In the study, patients (N=397) were randomized to receive 300 mg secukinumab, 150 mg secukinumab, 75 mg secukinumab or placebo weekly. At Week 8, patients received the treatment or placebo every four weeks. At Week 128, if a patient still had active signs of disease, based on physician judgment, the dose was escalated: from 150 mg to 300 mg secukinumab, or from 75 mg to 150 mg or 300 mg secukinumab. Week 208 assessments included ACR20, ACR50, ACR70, PASI 75, PASI 90, HAQ-DI, SF-36 PCS and dactylitis and enthesitis resolution.
Of all the randomized patients, approximately one-third had inadequate response to prior anti-tumor necrosis factor (TNF) alpha use. Analyses were conducted on prior anti-TNF users, as well as on patients who used or did not use concomitant methotrexate. For secukinumab-treated patients who were anti-TNF alpha therapy naive, 71–77% achieved ACR20. For patients who were anti-TNF alpha therapy inadequate responders, 60–71% achieved ACR20. Patients who used concomitant methotrexate had ACR20 responses of 68–79%. And patients who did not use concomitant methotrexate had ACR20 responses of 59–75%.
Patients tolerated the treatment well. The study concluded that secukinumab led to sustained improvement in the signs and symptoms of PsA over four years.
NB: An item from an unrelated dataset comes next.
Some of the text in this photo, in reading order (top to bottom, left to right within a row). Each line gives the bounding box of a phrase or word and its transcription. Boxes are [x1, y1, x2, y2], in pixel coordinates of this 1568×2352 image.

Secukinumab treatment effectiveness was sustained or further improved after dose escalation.
The incidence, type and severity of adverse events were consistent with previous reports. Treatment-emergent anti-drug antibody was reported in three patients, with no neutralizing antibody or efficacy loss. Only one death, due to sepsis, was reported during the study in a patient who received 150 mg secukinumab.
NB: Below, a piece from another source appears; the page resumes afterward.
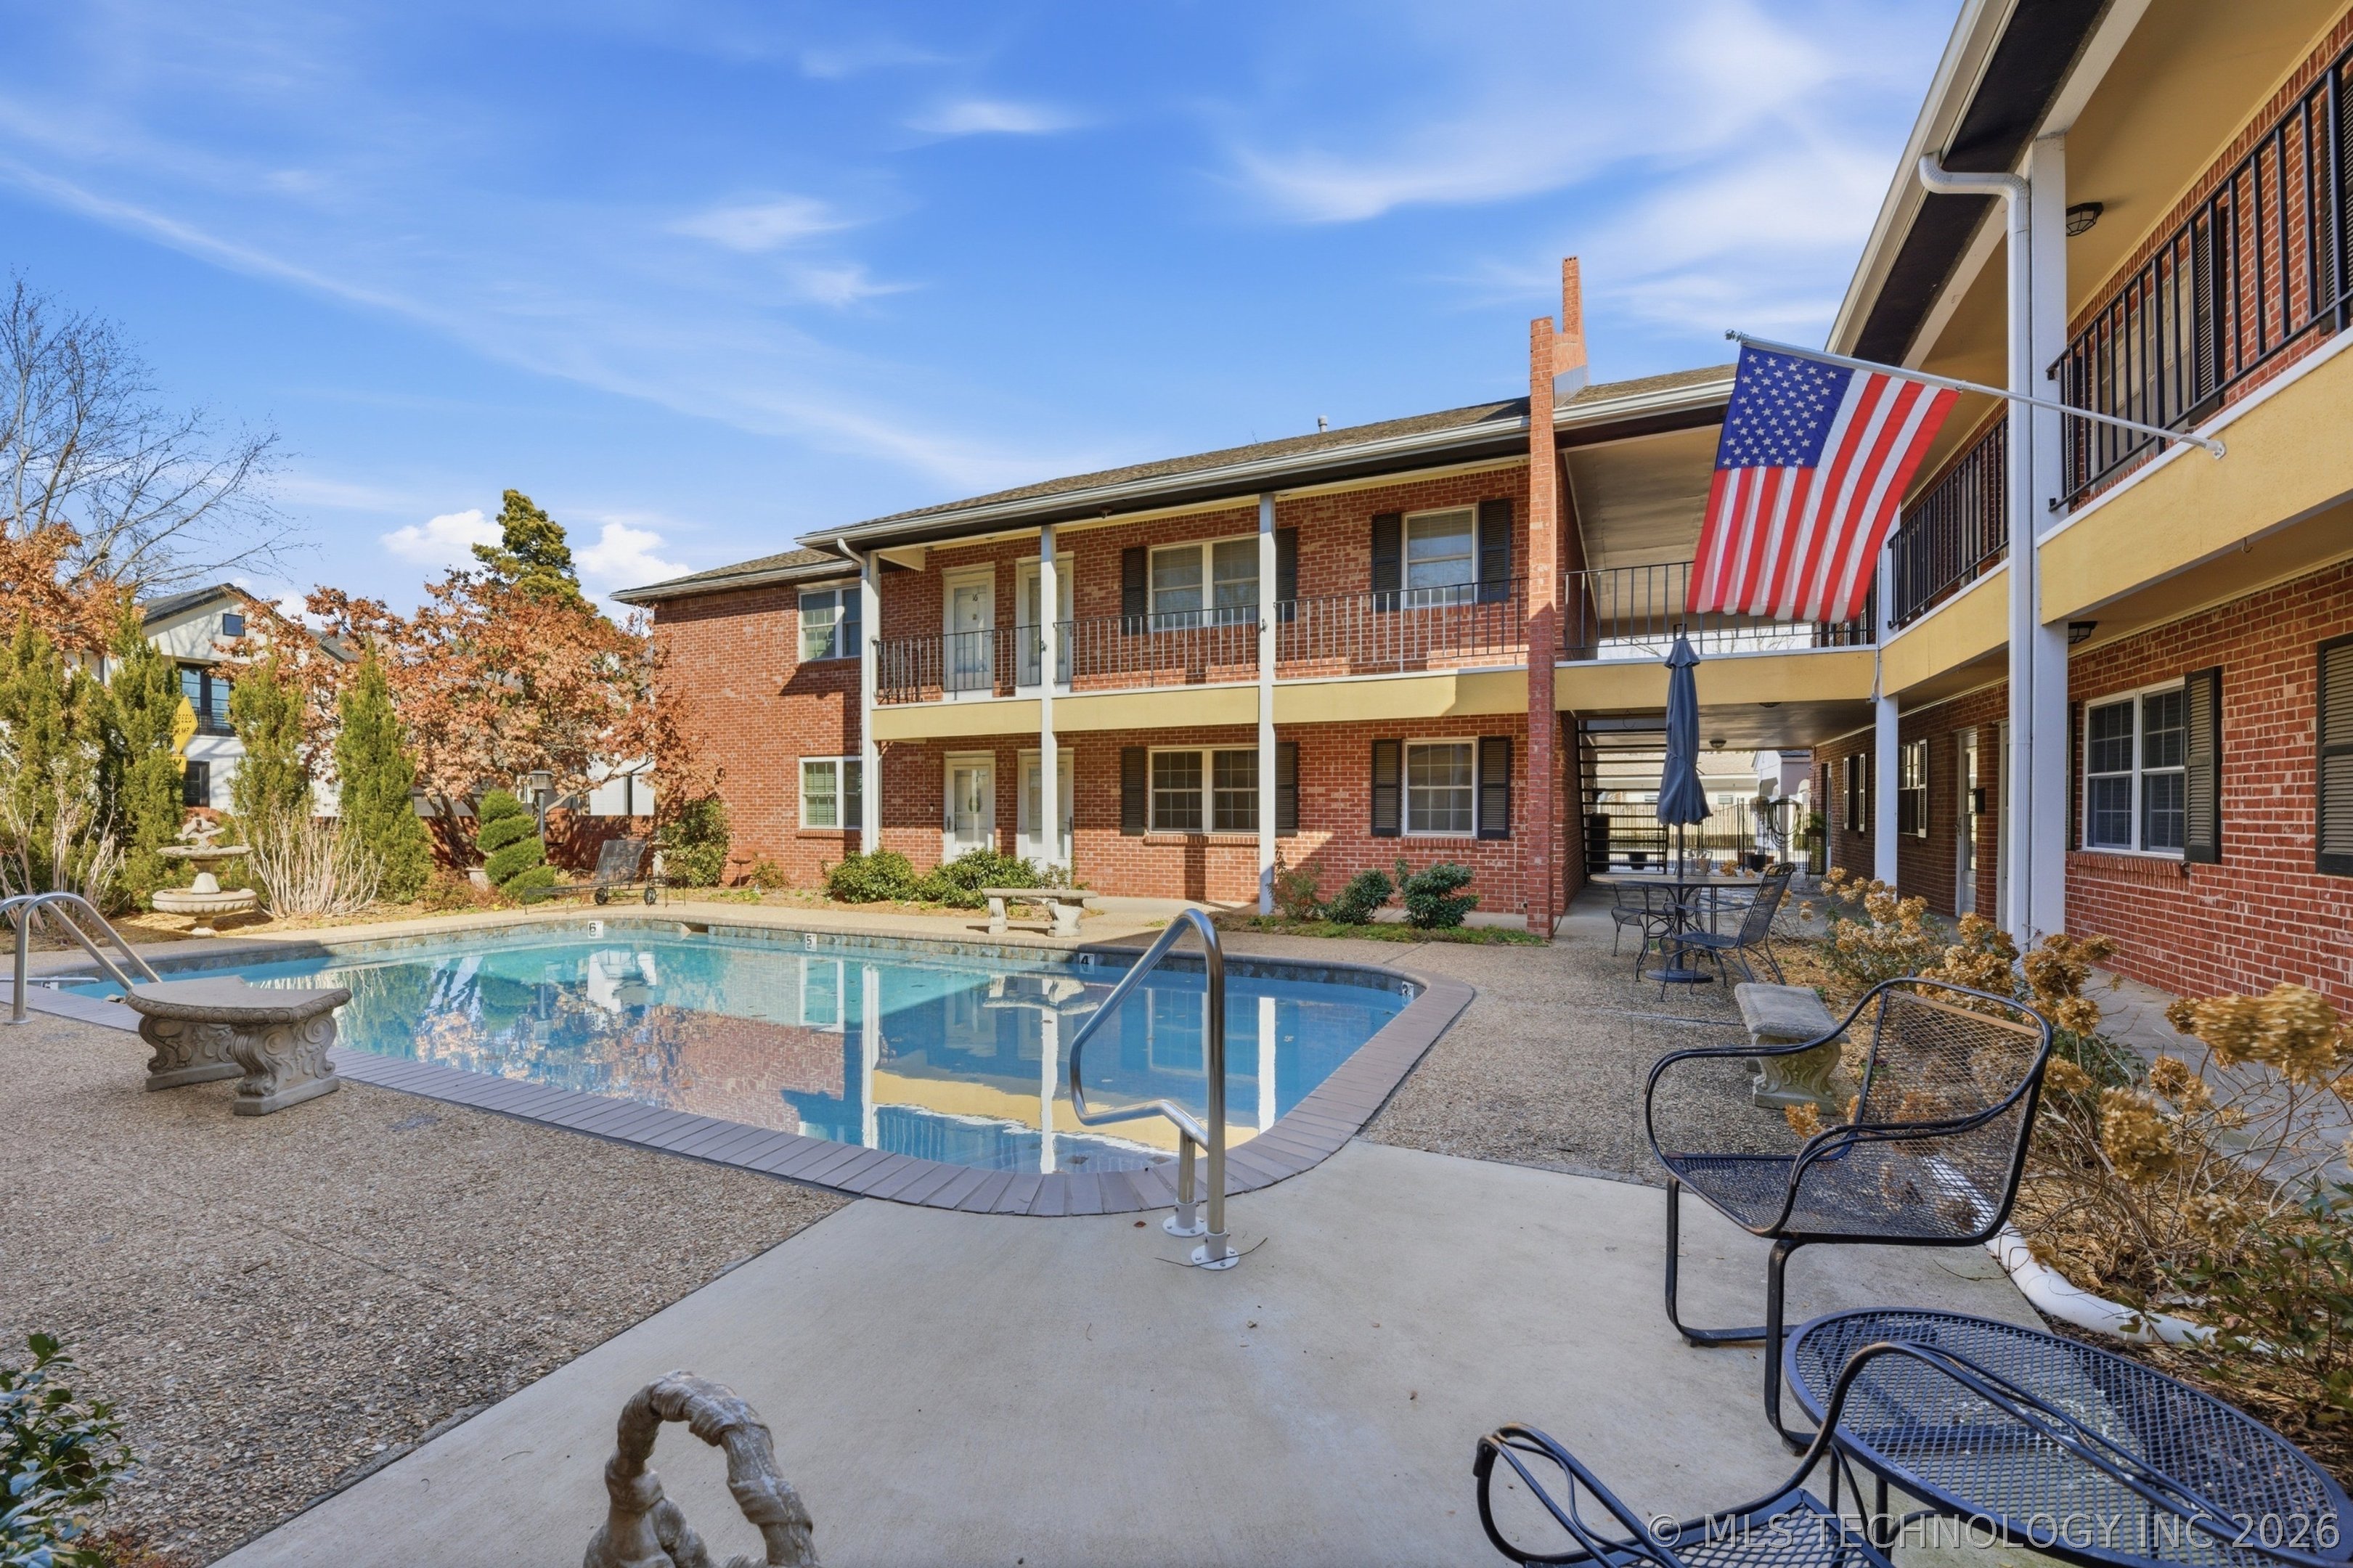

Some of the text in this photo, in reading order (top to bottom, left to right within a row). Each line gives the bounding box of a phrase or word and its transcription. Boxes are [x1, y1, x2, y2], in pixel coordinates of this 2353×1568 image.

[589, 922, 596, 933] 6
[807, 935, 812, 945] 5
[1080, 955, 1089, 965] 4
Michele B. Kaufman, PharmD, BCGP, is a freelance medical writer based in New York City and a pharmacist at New York Presbyterian Lower Manhattan Hospital.
- McInnes IB, Kivitz AJ, Nash P, et al. Secukinumab provides sustained improvements in the signs and symptoms of active psoriatic arthritis: Long-term (four year) data from a phase 3 study [abstract]. Arthritis Rheumatol. 2018;70(suppl 10).